Unilever, one of the world’s largest food producers, has announced a pilot project based on SAP blockchain technology to certify the origin of its palm oil.
According to the company, the project could open the door to a new era for transparency, traceability and sustainability of palm oil production, with the involvement of small-scale producers in the countries of origin.
Our solution allows companies to tell what percentage of palm oil products they purchased from a sustainable origin and track it to the end consumer product.- Nitin Jain , general manager, SAP GreenToken
The uncertain origins of palm oil have been associated with massive deforestation activities.
“Raw materials like palm oil are often mixed with physically identical raw materials from verified sustainable and non-verified sources after the ‘first mile’ of the supply chain, causing the origin information to be either hidden or lost,” Unilever said in a press release.
See Also:55 Percent of Consumers Prefer Sustainable Food Options, Survey FindsThe need to certify and verify the origin of palm oil is due to the growing interest shown by consumers worldwide regarding the environmental impact of food.
It is also due to stricter regulations increasingly enforced at an international level. For example, the European Commission has recently confirmed that it is working to halt all imports of goods linked to deforestation.
Unilever’s pilot project in Indonesia deployed the GreenToken blockchain technology to source more than 188,000 tons of palm fruit.
According to the company, Unilever’s palm fruit sources created tokens that “mirror the material flow of the palm oil throughout the supply chain and capture the unique attributes linked to the oil’s origin.”
As a result of this process, Unilever could track, verify and report the origin of the product and its processing throughout the supply chain.
Andrew Wilcox, senior manager at Unilever, told FoodNavigator that the new system “leverages existing business processes like creating purchasing orders, good receipts and weighbridge logs, to originate and transfer these indivisible and unreproducible commodity tokens and keep the accounting transparent at each stage of the supply chain.”
This information allows the company to comply with the incoming European regulations, which will require producers to voluntarily certify and offer complete access to information such as the type of commodity, production volumes, involved suppliers and the country of production.
According to the commission, exporters will have to specify the exact geographic coordinates of the production and certify that their product chain abides with local laws.
According to Nitin Jain, general manager of SAP GreenToken, the platform allows companies “to bring the same traceability and supply chain transparency to bulk raw materials that you get from scanning a bar or QR code on any consumer product.”
“Our solution allows companies to tell what percentage of palm oil products they purchased from a sustainable origin and track it to the end consumer product,” he added.
Unilever has noted that it plans to achieve a deforestation-free supply chain by 2023.
The company’s partners, such as Golden Agri-Resources, said the new platform enhances the transparency of their operations and facilitates the flow of information between different supply chain actors.
According to Wilcox, blockchain technology could significantly impact tropical forests where smallholders “are often located next to the planet’s most exceptional biodiversity, the most carbon-rich forests and peatlands and often the most endangered ecosystems where their production decision have the most outsized impacts.”

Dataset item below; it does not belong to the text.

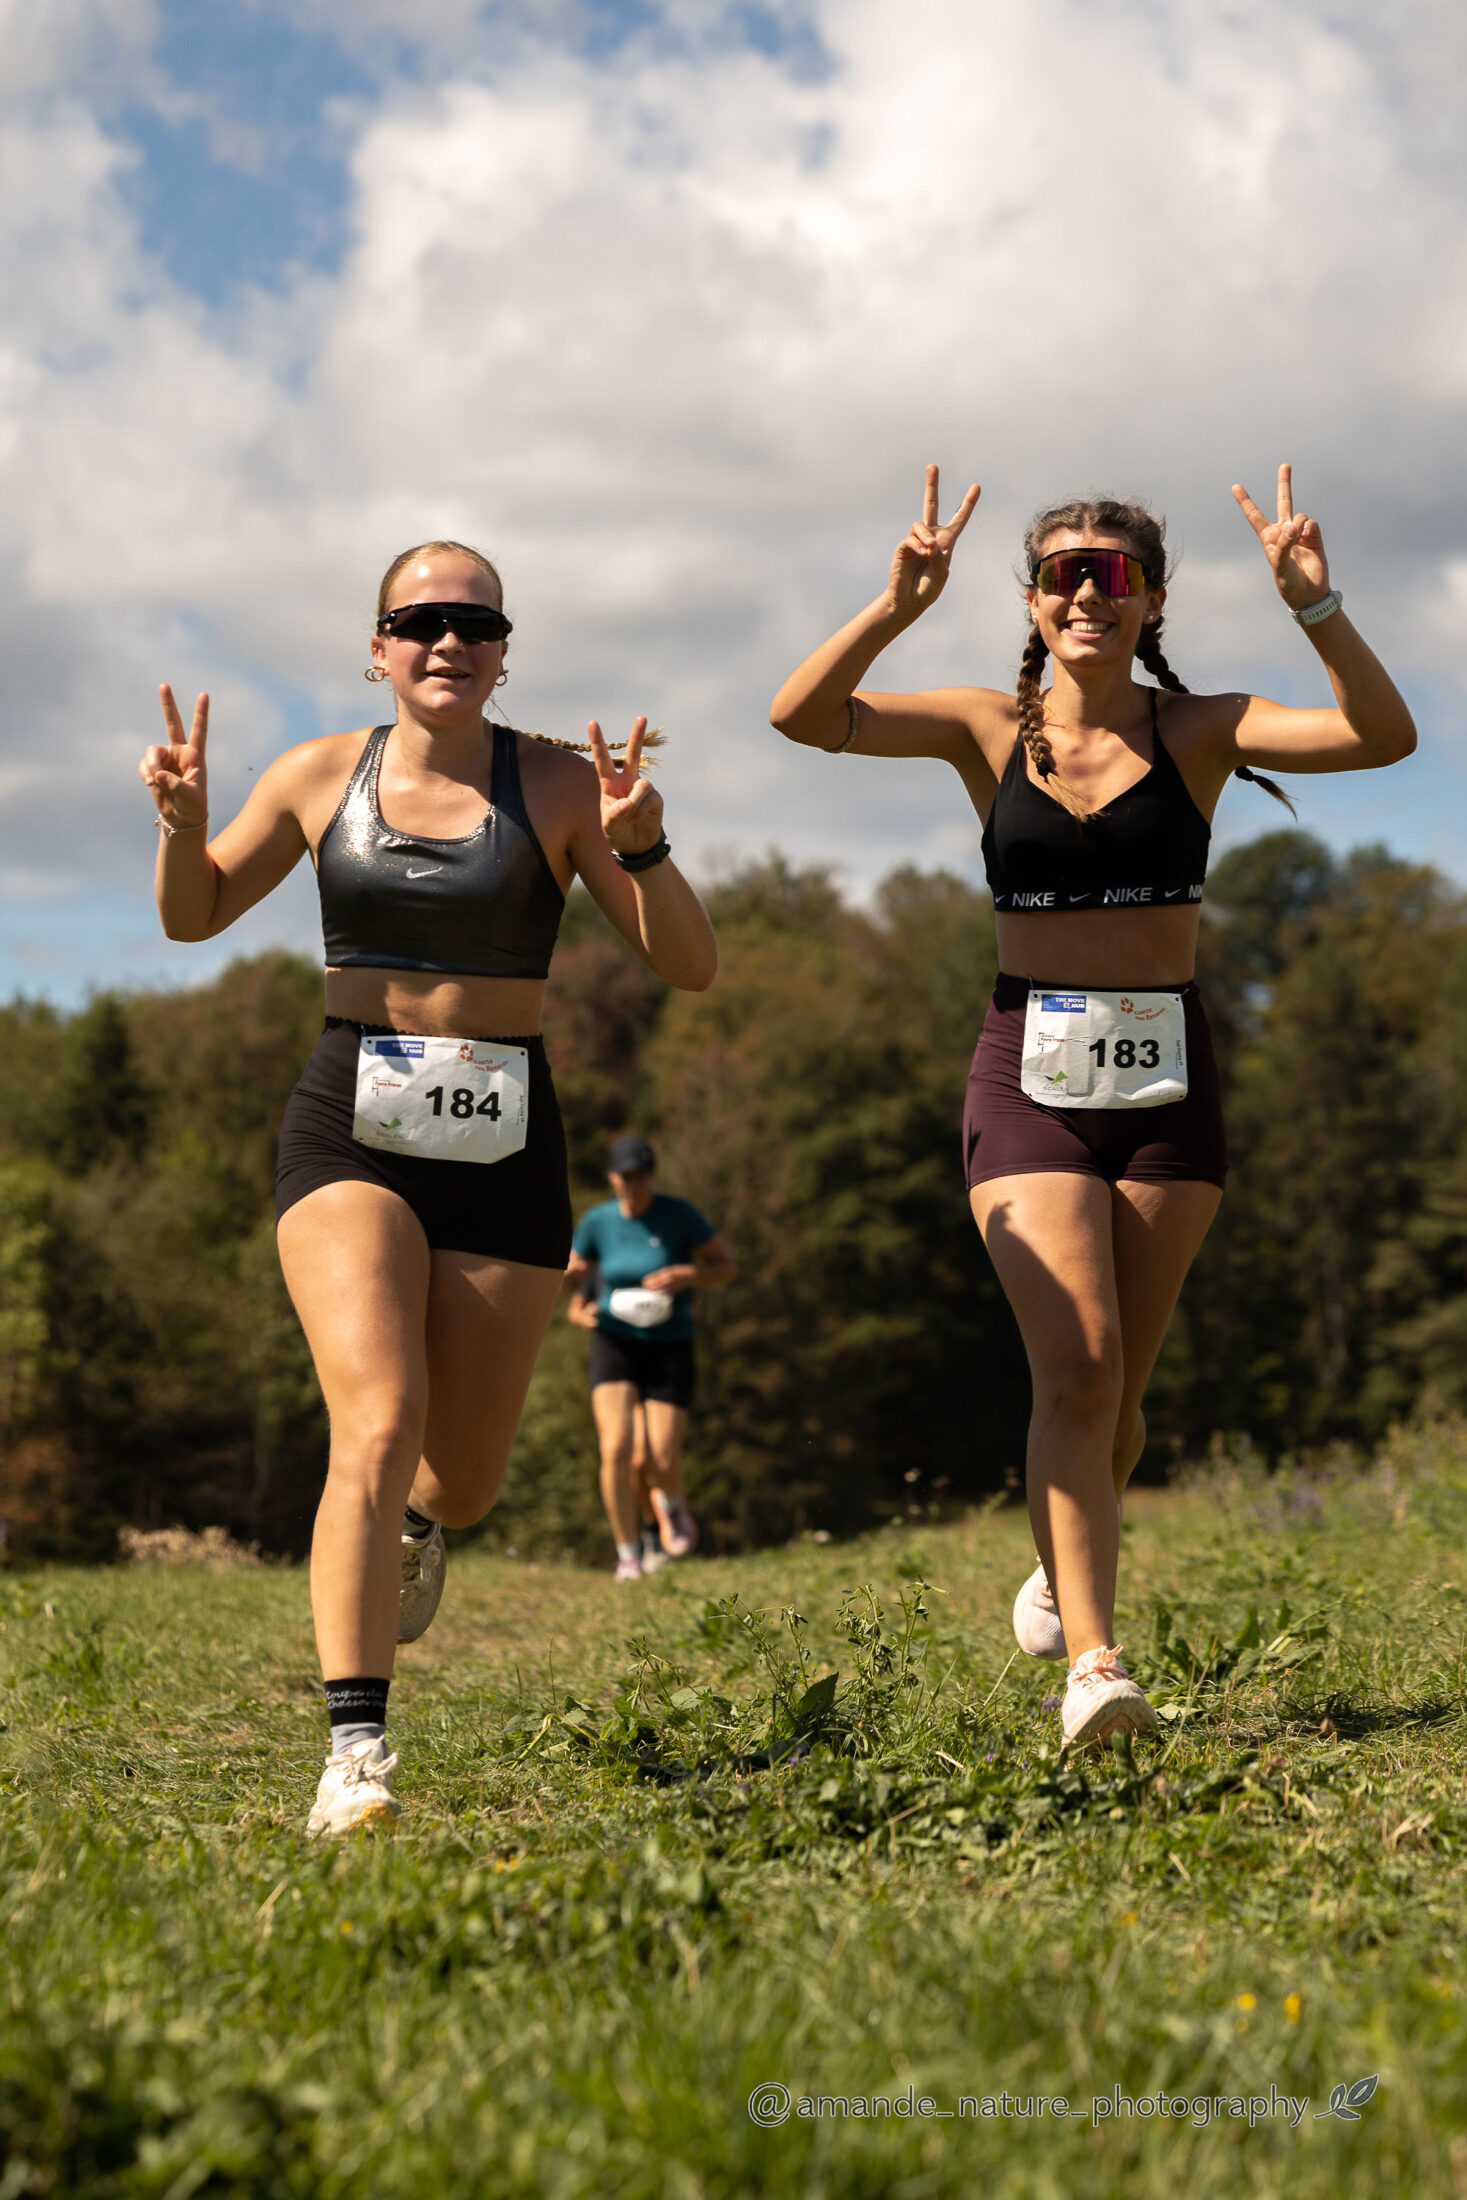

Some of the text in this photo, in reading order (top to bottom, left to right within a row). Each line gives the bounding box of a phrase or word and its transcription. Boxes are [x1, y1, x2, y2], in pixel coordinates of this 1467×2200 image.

Unilever said the new platform could prove “transformational” for smallholder inclusion since they could access certification both of their sustainable practices and how they progress over time.
“This virtual segregation enabled by blockchain, and paired with the fist-mile traceability data, can capture information about the smallholders’ farming practices and environment to show the effort and progress made by smallholders towards sustainability,” Wilcox told FoodNavigator.
While many countries on four continents produce palm oil, the largest producer remains Indonesia which, according to the United States Department of Agriculture (USDA), accounts for 59 percent of global production. About 40 percent of Indonesian production comes from small-scale farmers.
The USDA estimates that in 2022/23, production will grow to 46 million tons in Indonesia, 500,000 tons more than the previous year, due to “favorable weather and higher prices for producers.”
According to the USDA, exports in the period should rise to 30 million tons due to growing demand from China and India.
The United Nations Food and Agriculture Organization (FAO) has estimated that between 1990 and 2020, 420 million hectares of forest were globally lost to deforestation.
Even counting the newly planted or regenerated forest, which can only partially compensate for the loss, 178 million hectares were lost in that period, an area approximately large as the whole of the U.S. state of North Dakota.